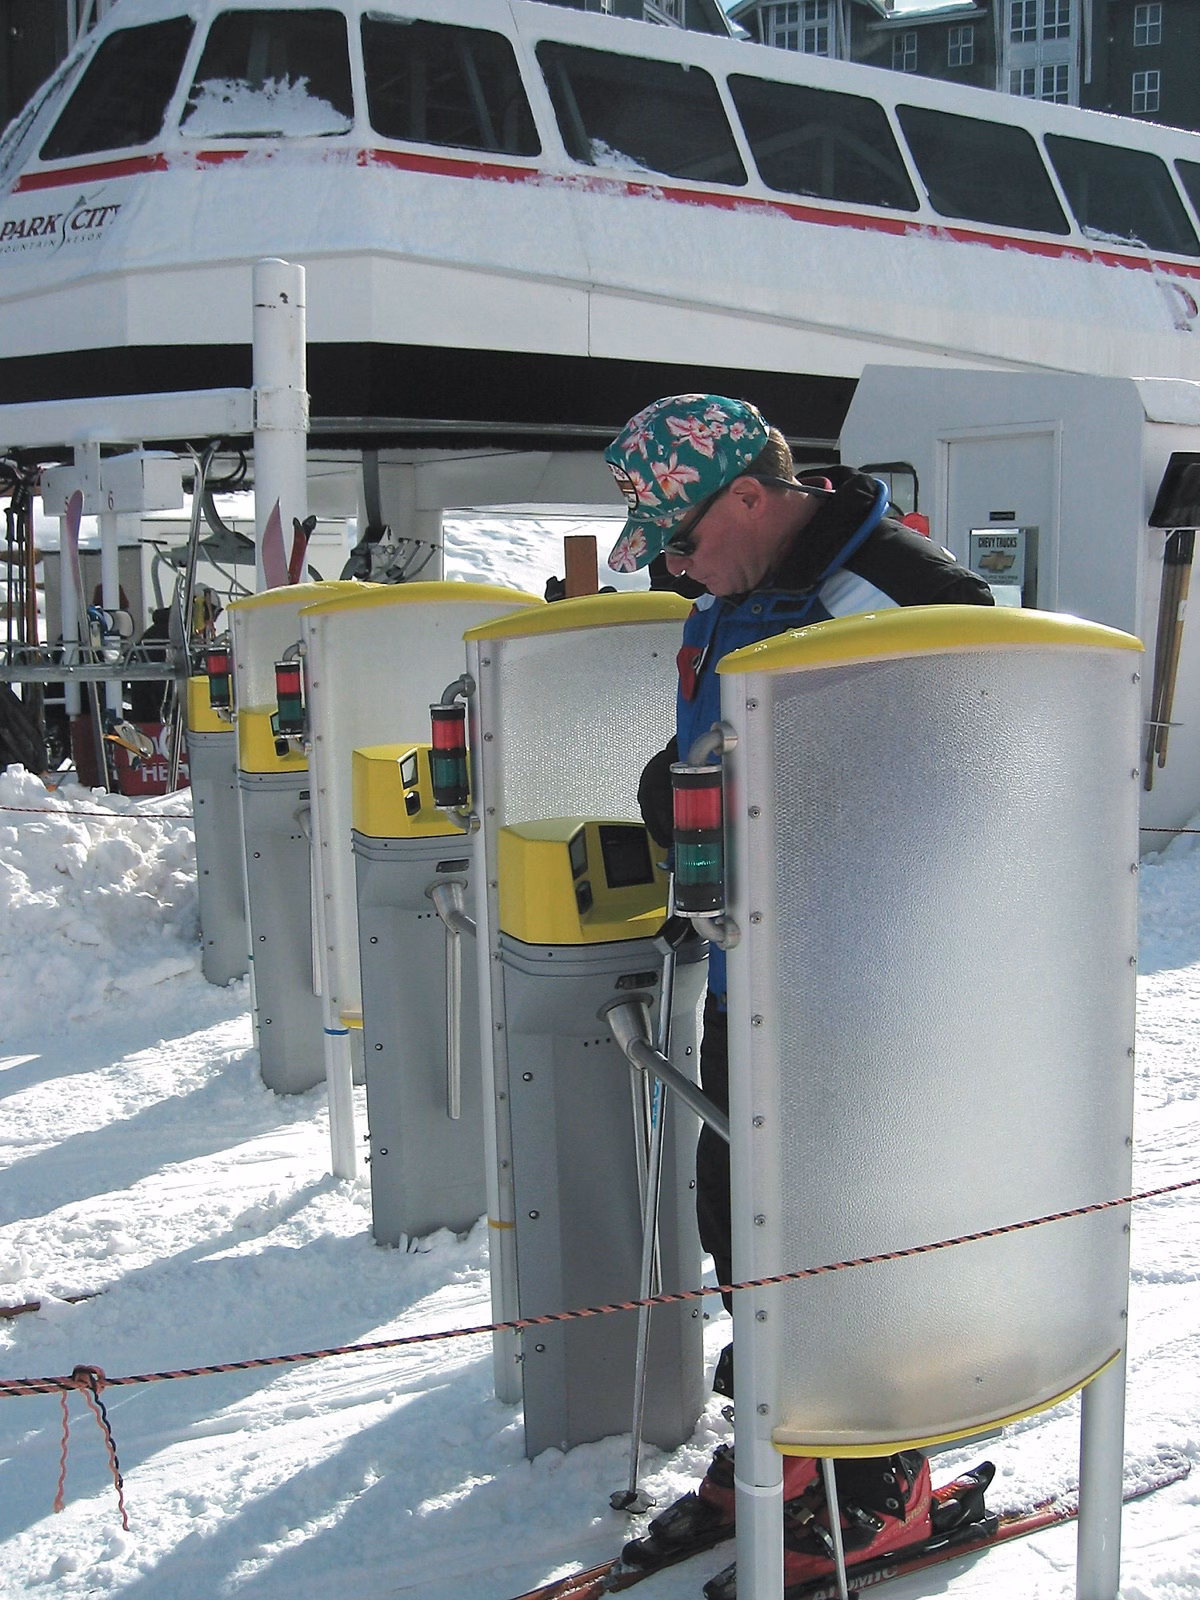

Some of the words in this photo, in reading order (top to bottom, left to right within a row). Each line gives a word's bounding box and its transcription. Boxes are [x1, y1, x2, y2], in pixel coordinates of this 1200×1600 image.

[0, 213, 63, 241] PARK
[107, 490, 114, 511] 6
[978, 537, 995, 548] CHEVY
[996, 537, 1018, 548] TRUCKS

++++++++++

- [WORK INSTRUCTION]
The result should be a verbatim copy of the data, free of pictures.

- [TASK SOLUTION]
Some of the words in this photo, in reading order (top to bottom, left to right within a row). Each line gives a word's bounding box and its transcription. Boxes are [x1, y1, x2, y2], in pixel coordinates of this 1200×1600 image.

[0, 213, 63, 241] PARK
[107, 490, 114, 511] 6
[978, 537, 995, 548] CHEVY
[996, 537, 1018, 548] TRUCKS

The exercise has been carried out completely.